# Work request
Omit every picture and write out the rest of the records exactly.
+-------+
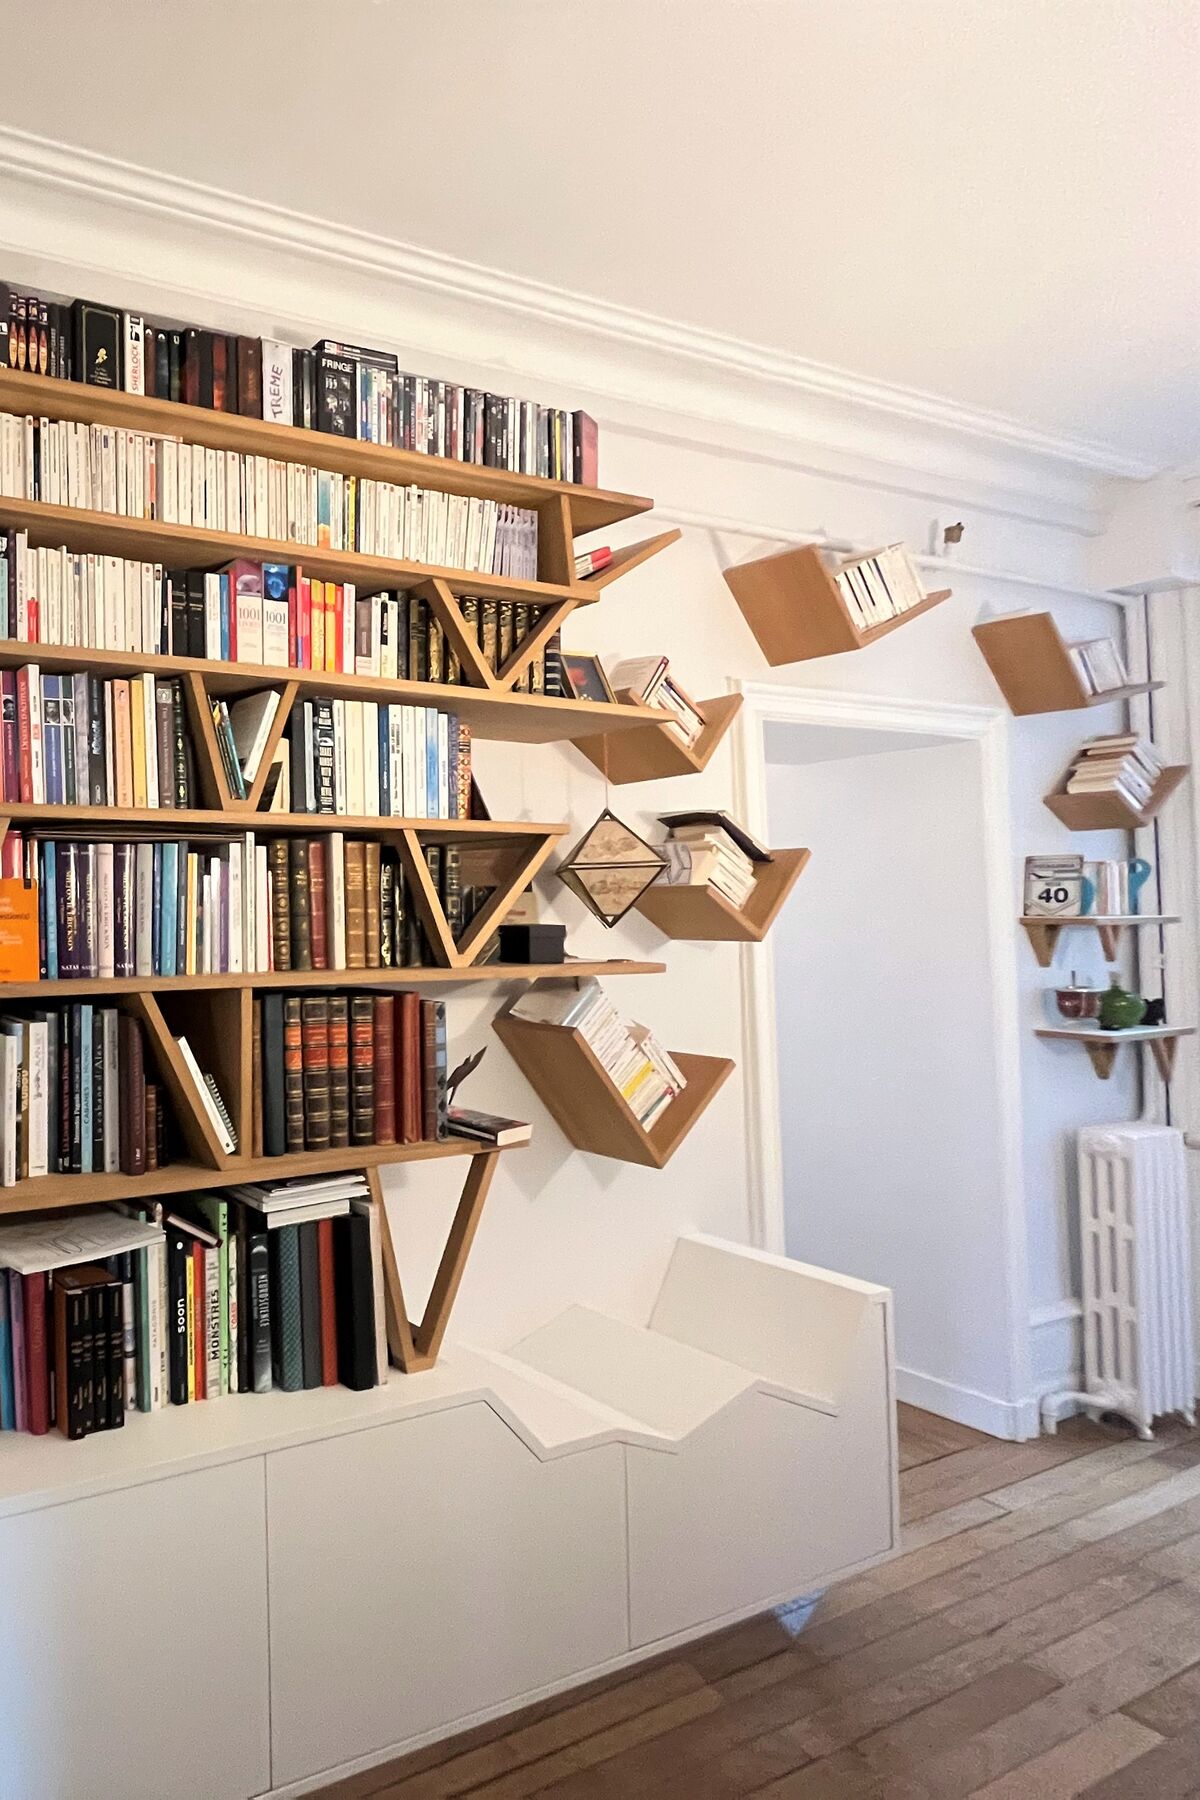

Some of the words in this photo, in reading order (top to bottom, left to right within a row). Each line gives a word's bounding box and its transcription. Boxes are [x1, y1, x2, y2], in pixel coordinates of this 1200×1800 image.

[131, 344, 140, 391] SHERLOCK
[322, 357, 354, 374] FRINGE
[270, 364, 282, 419] TREME
[238, 607, 260, 620] 1001
[266, 610, 286, 625] 1001
[1038, 887, 1068, 904] 40
[94, 1044, 104, 1081] d'Alex
[94, 1086, 104, 1122] cabane
[94, 1124, 104, 1142] La
[176, 1298, 186, 1334] soon
[258, 1274, 270, 1326] NEUROSCIENCE
[210, 1289, 220, 1360] MONSTRES
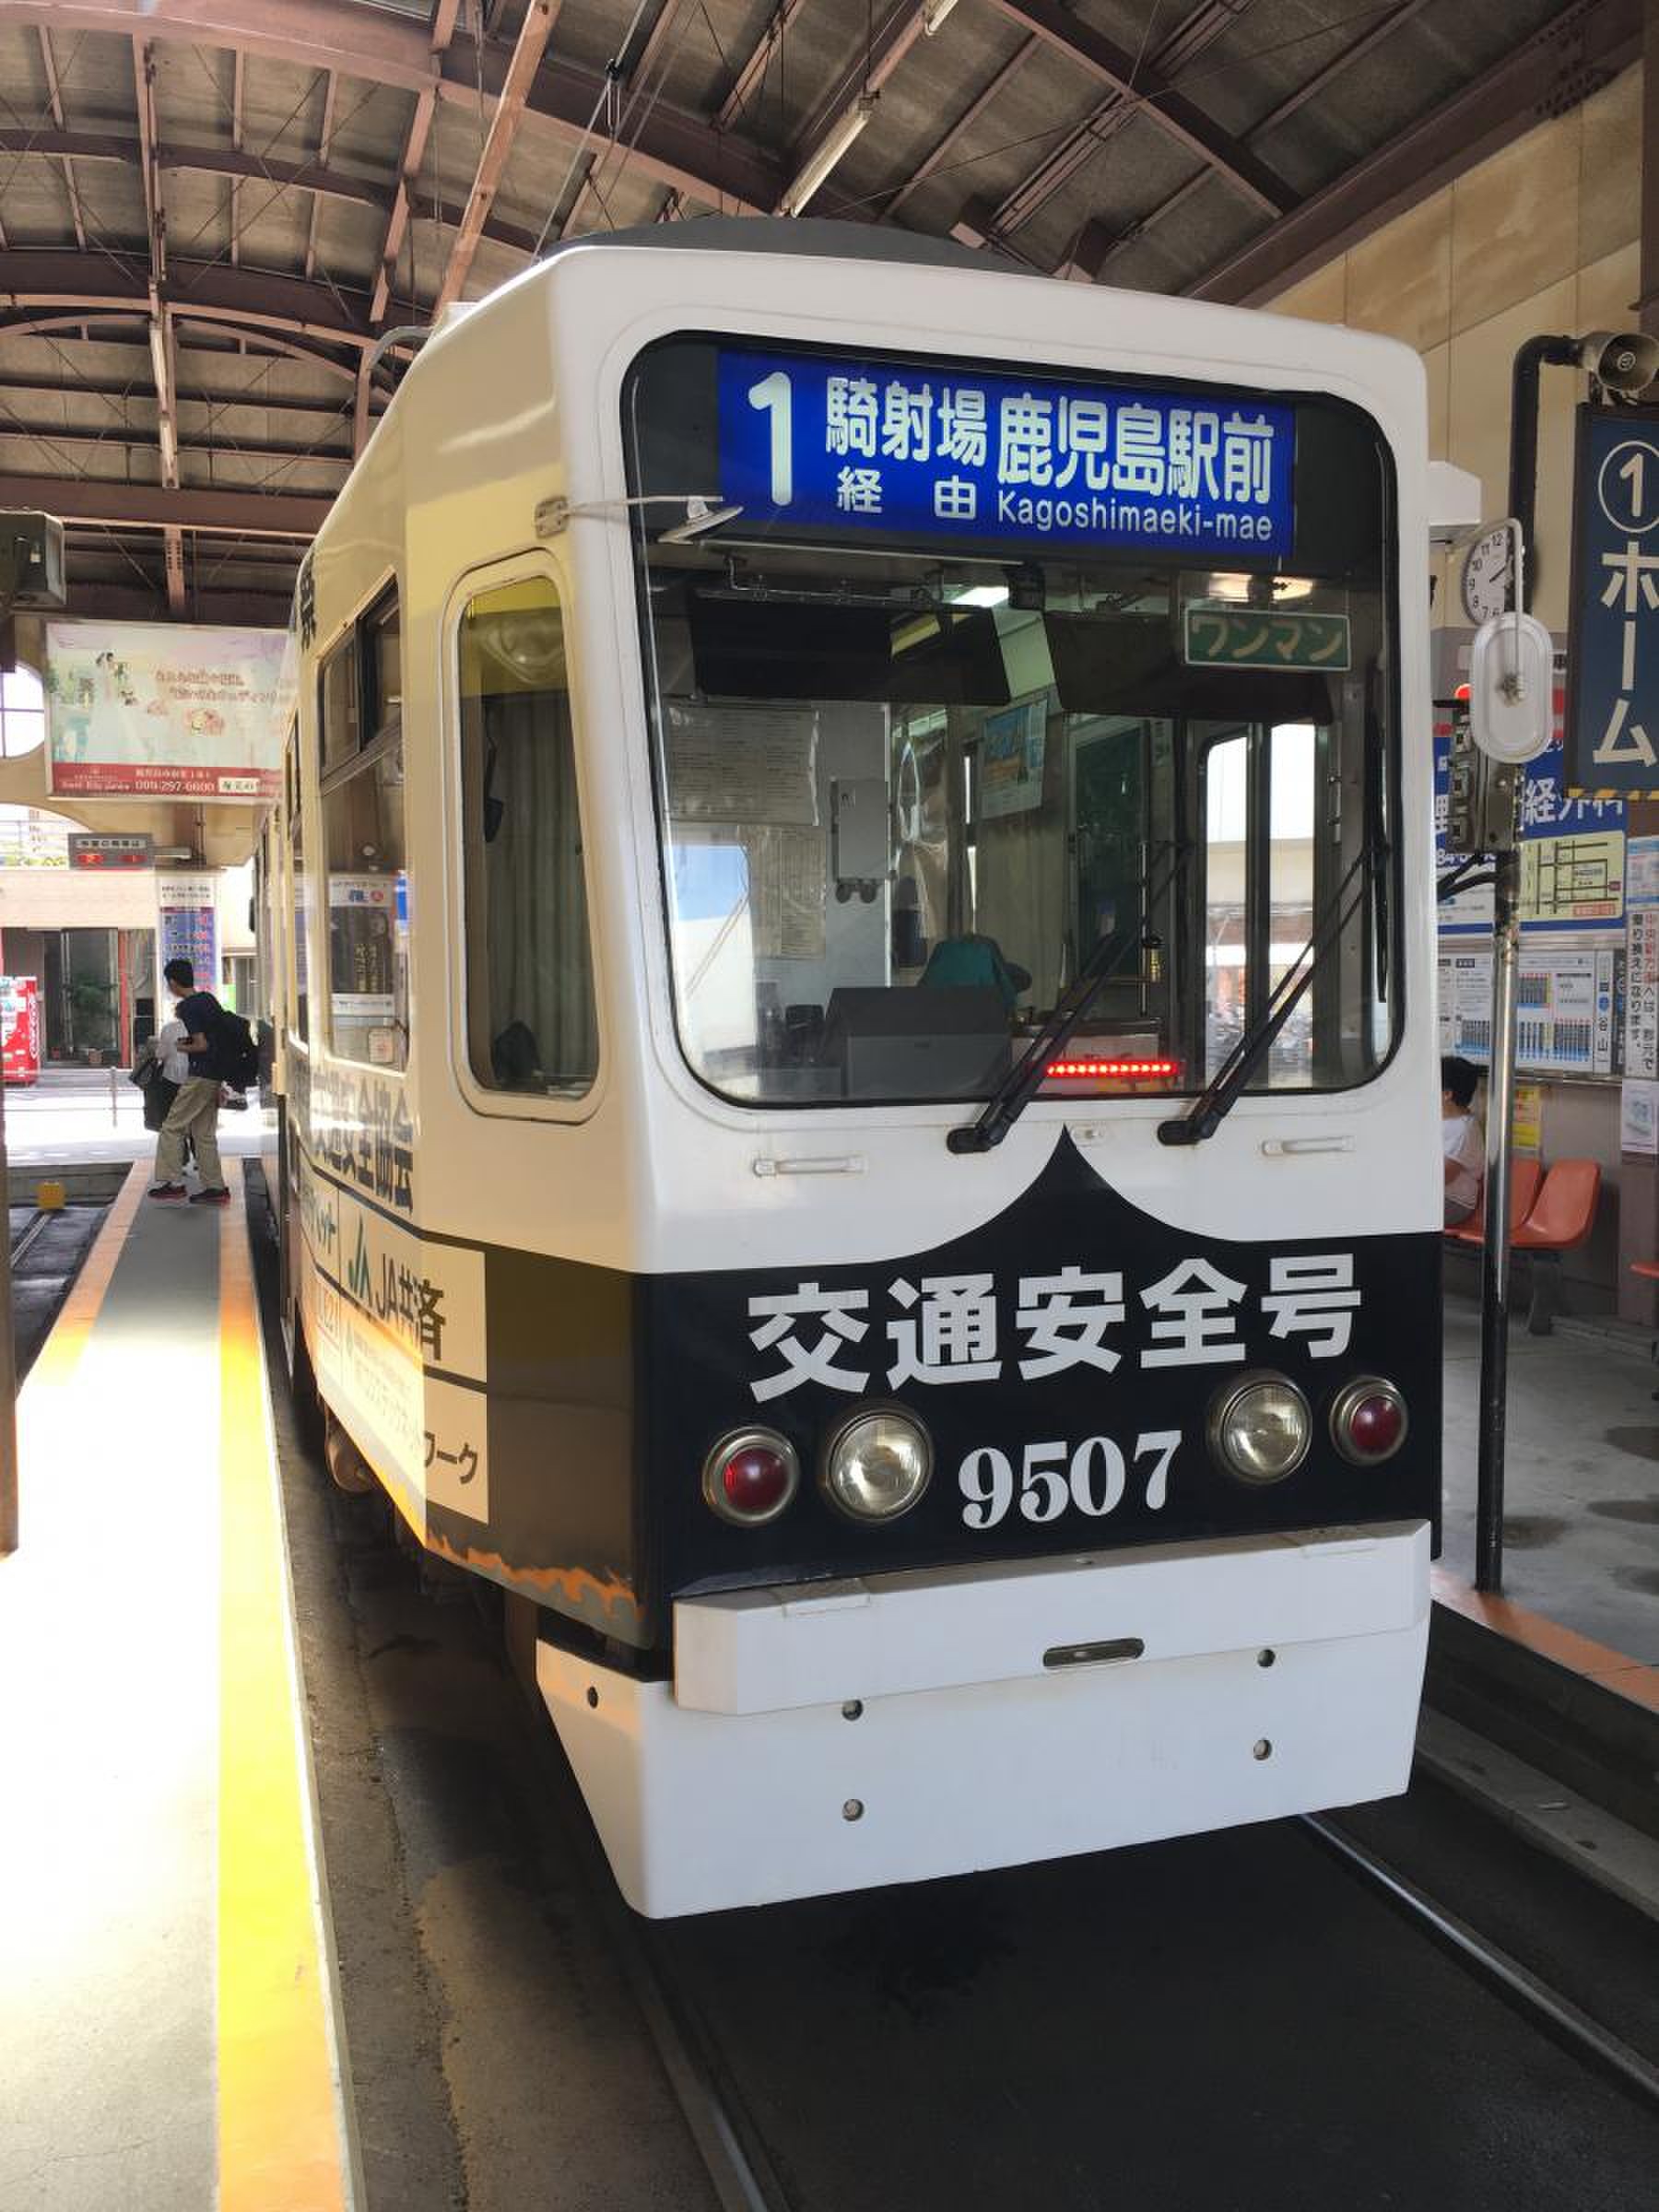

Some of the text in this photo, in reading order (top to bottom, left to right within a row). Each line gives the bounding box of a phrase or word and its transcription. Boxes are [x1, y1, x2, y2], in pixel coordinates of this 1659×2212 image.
+-------+
# Result of this task
Some of the words in this photo, in reading order (top to bottom, left to right within a row). Each line gives a word's bounding box and its transcription. Boxes are [x1, y1, x2, y2], in pixel coordinates of this 1200×1800 image.

[131, 344, 140, 391] SHERLOCK
[322, 357, 354, 374] FRINGE
[270, 364, 282, 419] TREME
[238, 607, 260, 620] 1001
[266, 610, 286, 625] 1001
[1038, 887, 1068, 904] 40
[94, 1044, 104, 1081] d'Alex
[94, 1086, 104, 1122] cabane
[94, 1124, 104, 1142] La
[176, 1298, 186, 1334] soon
[258, 1274, 270, 1326] NEUROSCIENCE
[210, 1289, 220, 1360] MONSTRES

Some of the text in this photo, in reading order (top to bottom, left to right within a row). Each line gives the bounding box of a phrase or word and its transcription. Boxes are [x1, y1, x2, y2], in pixel coordinates of this 1659×2212 image.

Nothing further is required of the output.